> [Record extracts]
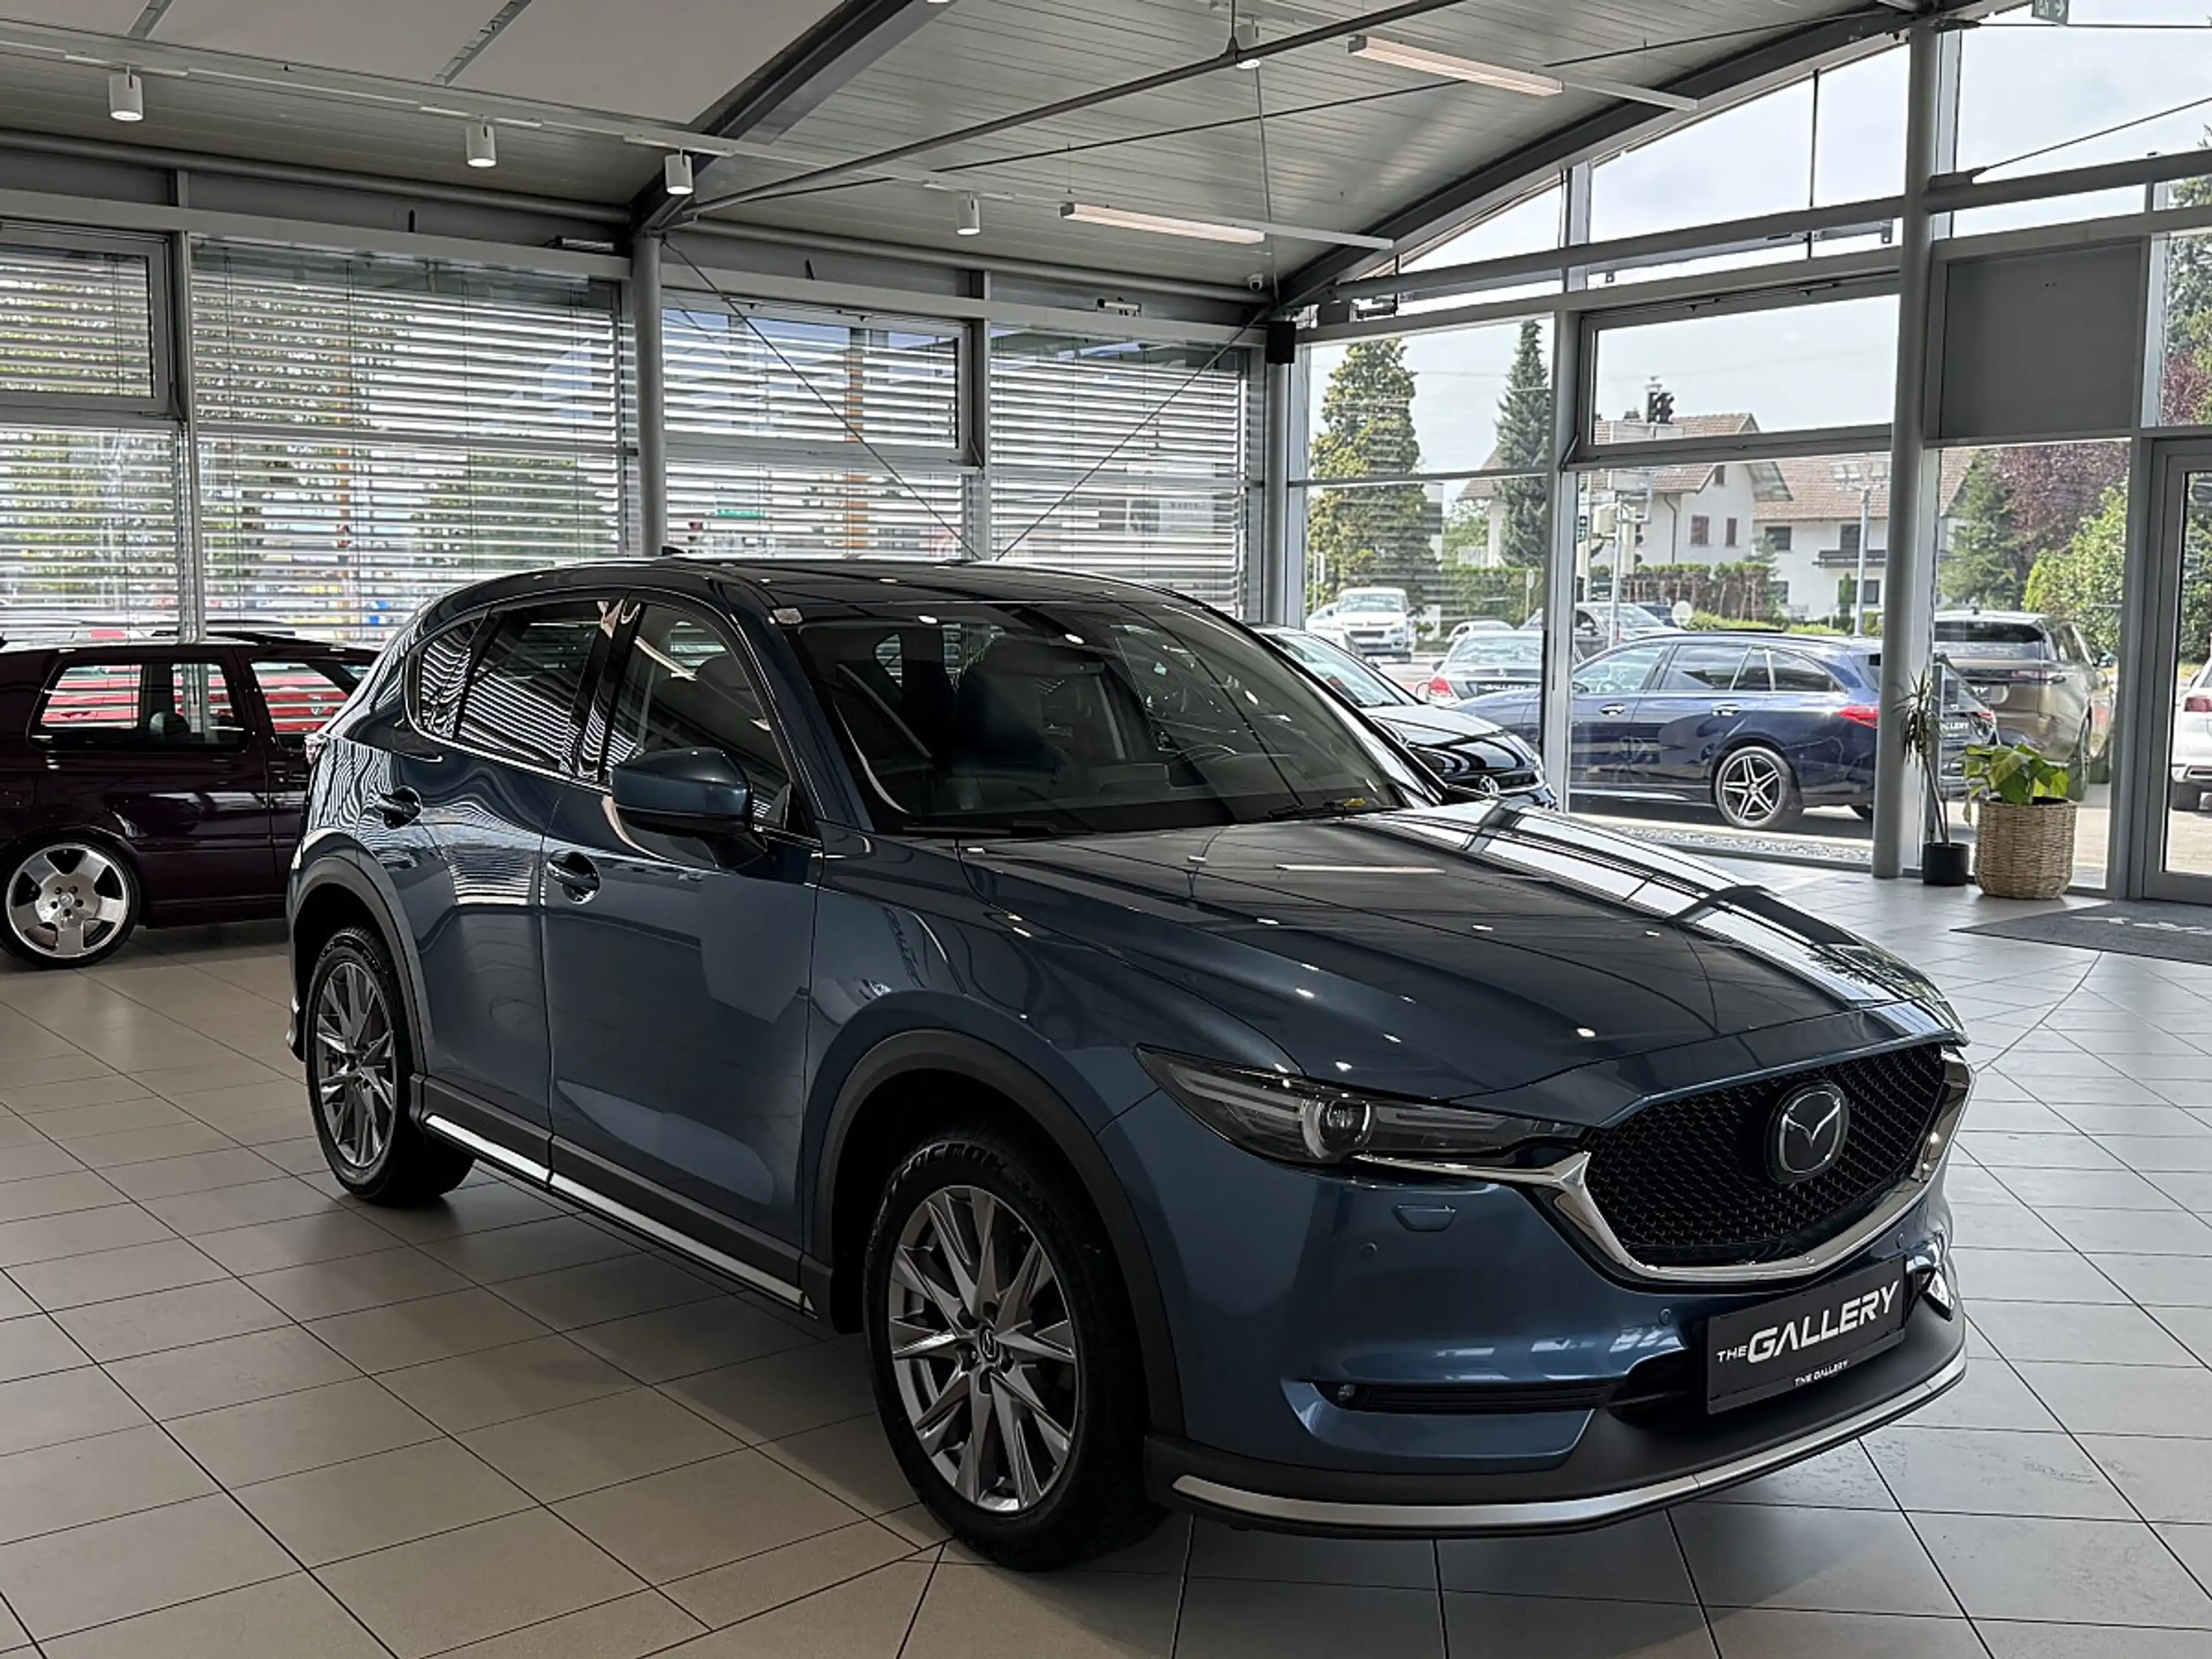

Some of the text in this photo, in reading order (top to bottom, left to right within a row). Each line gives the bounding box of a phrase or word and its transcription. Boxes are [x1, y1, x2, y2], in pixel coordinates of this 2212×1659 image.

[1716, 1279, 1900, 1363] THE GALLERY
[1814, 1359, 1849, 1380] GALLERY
==
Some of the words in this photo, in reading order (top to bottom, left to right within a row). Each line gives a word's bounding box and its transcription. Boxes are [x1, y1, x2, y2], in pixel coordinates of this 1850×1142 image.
...
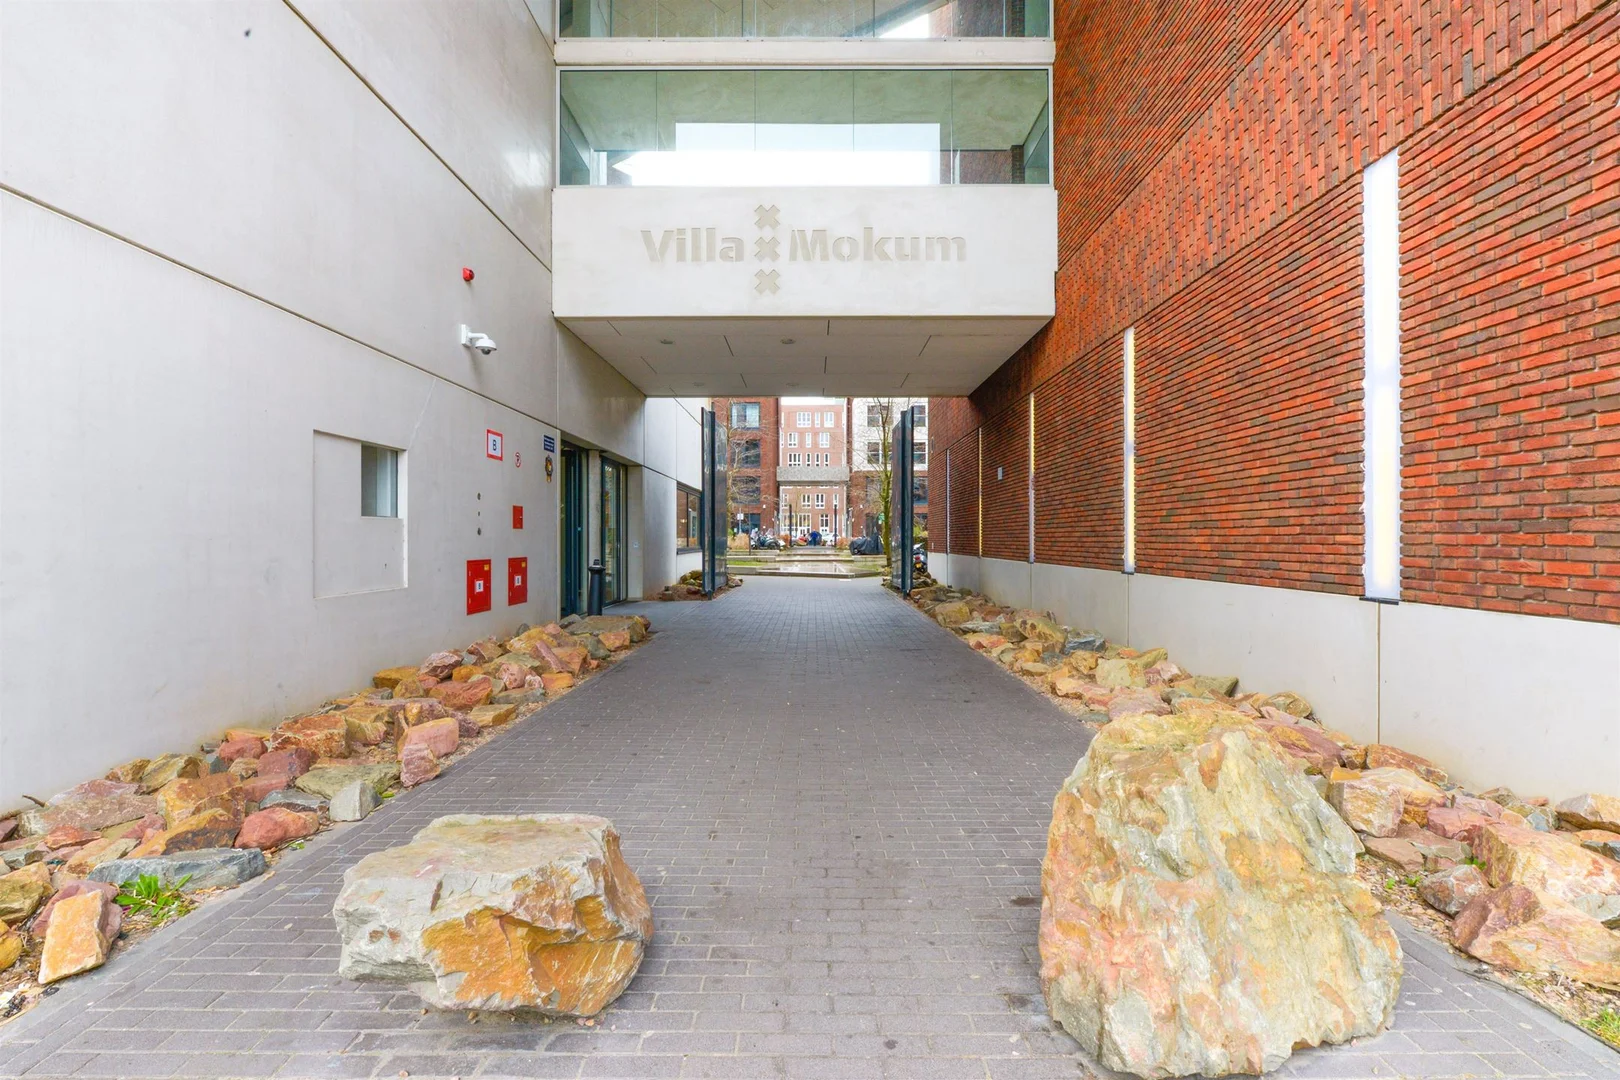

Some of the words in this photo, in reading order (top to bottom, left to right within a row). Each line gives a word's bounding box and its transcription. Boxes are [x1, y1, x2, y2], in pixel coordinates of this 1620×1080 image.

> [Exercise]
Please say how many lines in the records above contain the word "words", and give only that number.

> [Result for this task]
2